Saved entries
────────────────

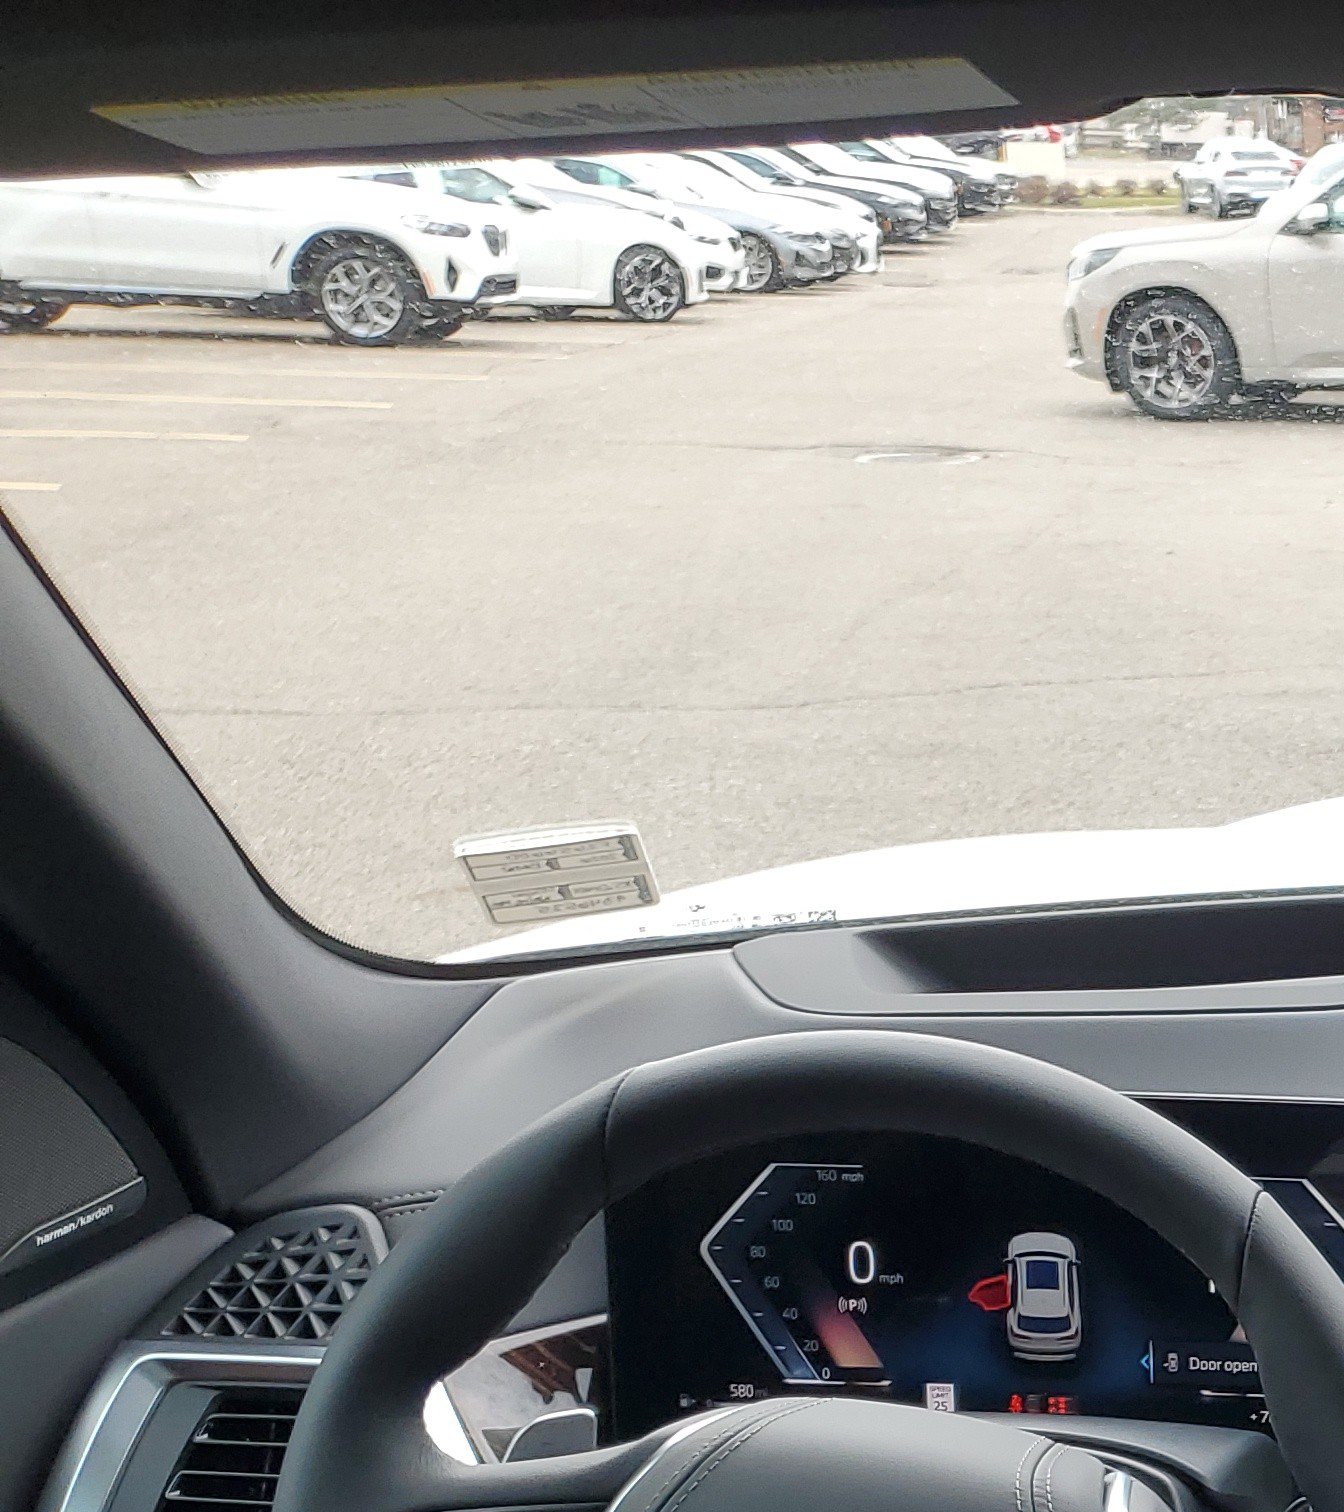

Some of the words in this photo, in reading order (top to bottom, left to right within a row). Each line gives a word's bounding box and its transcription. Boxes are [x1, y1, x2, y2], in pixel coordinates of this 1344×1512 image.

[816, 1169, 837, 1182] 160
[842, 1172, 864, 1184] mph
[795, 1192, 816, 1205] 120
[36, 1203, 114, 1247] harman/kardon
[772, 1219, 794, 1232] 100
[750, 1245, 766, 1258] 80
[849, 1240, 875, 1284] 0
[879, 1273, 904, 1287] mph
[764, 1276, 780, 1288] 60
[782, 1307, 798, 1320] 40
[804, 1340, 819, 1352] 20
[1188, 1357, 1222, 1371] Door
[1224, 1360, 1258, 1374] open
[822, 1367, 830, 1380] 0
[729, 1383, 754, 1398] 580
[934, 1400, 949, 1412] 25
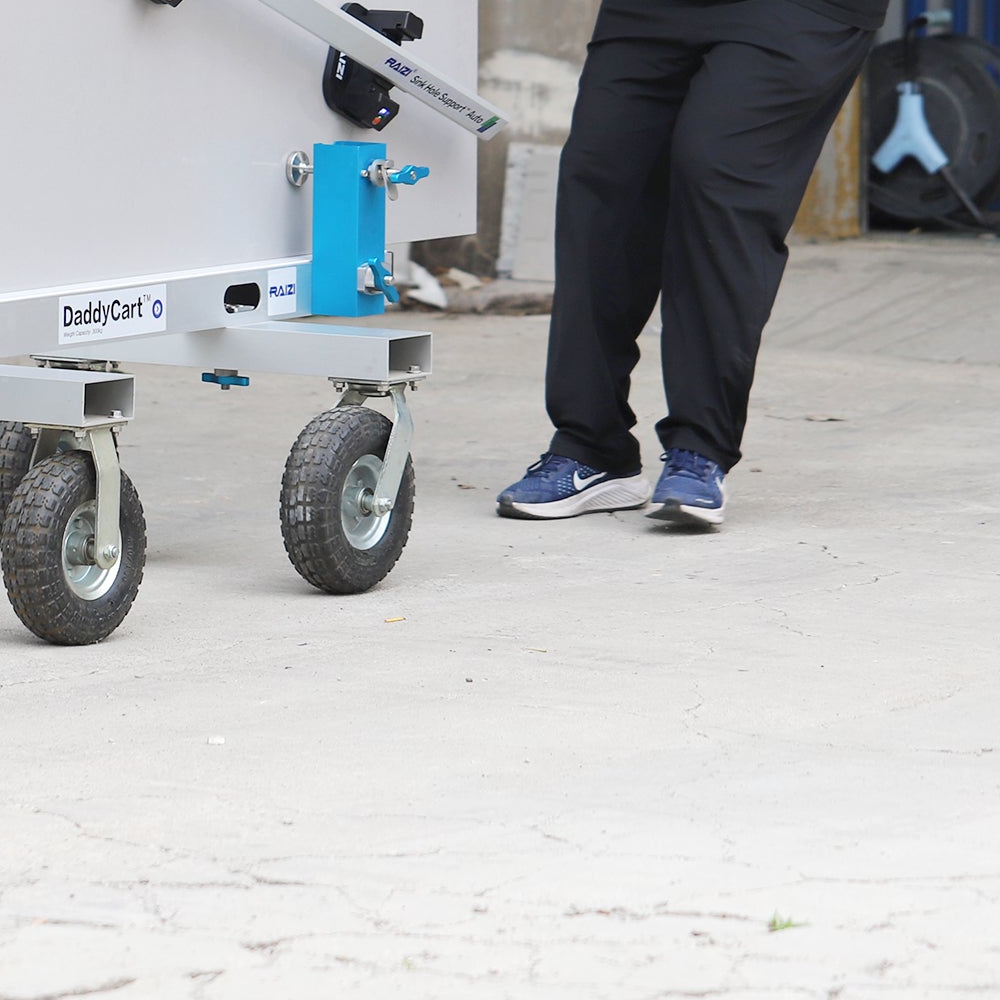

────────────────

What you need to do:
Omit the pictures, then give every record back exactly as it stands.

Answer to this problem:
Some of the words in this photo, in reading order (top to bottom, left to right within a row). Each line gives a word's bounding box and its transcription. Boxes are [x1, y1, x2, y2], in pixel coordinates of this 1344×1512 image.

[816, 1169, 837, 1182] 160
[842, 1172, 864, 1184] mph
[795, 1192, 816, 1205] 120
[36, 1203, 114, 1247] harman/kardon
[772, 1219, 794, 1232] 100
[750, 1245, 766, 1258] 80
[849, 1240, 875, 1284] 0
[879, 1273, 904, 1287] mph
[764, 1276, 780, 1288] 60
[782, 1307, 798, 1320] 40
[804, 1340, 819, 1352] 20
[1188, 1357, 1222, 1371] Door
[1224, 1360, 1258, 1374] open
[822, 1367, 830, 1380] 0
[729, 1383, 754, 1398] 580
[934, 1400, 949, 1412] 25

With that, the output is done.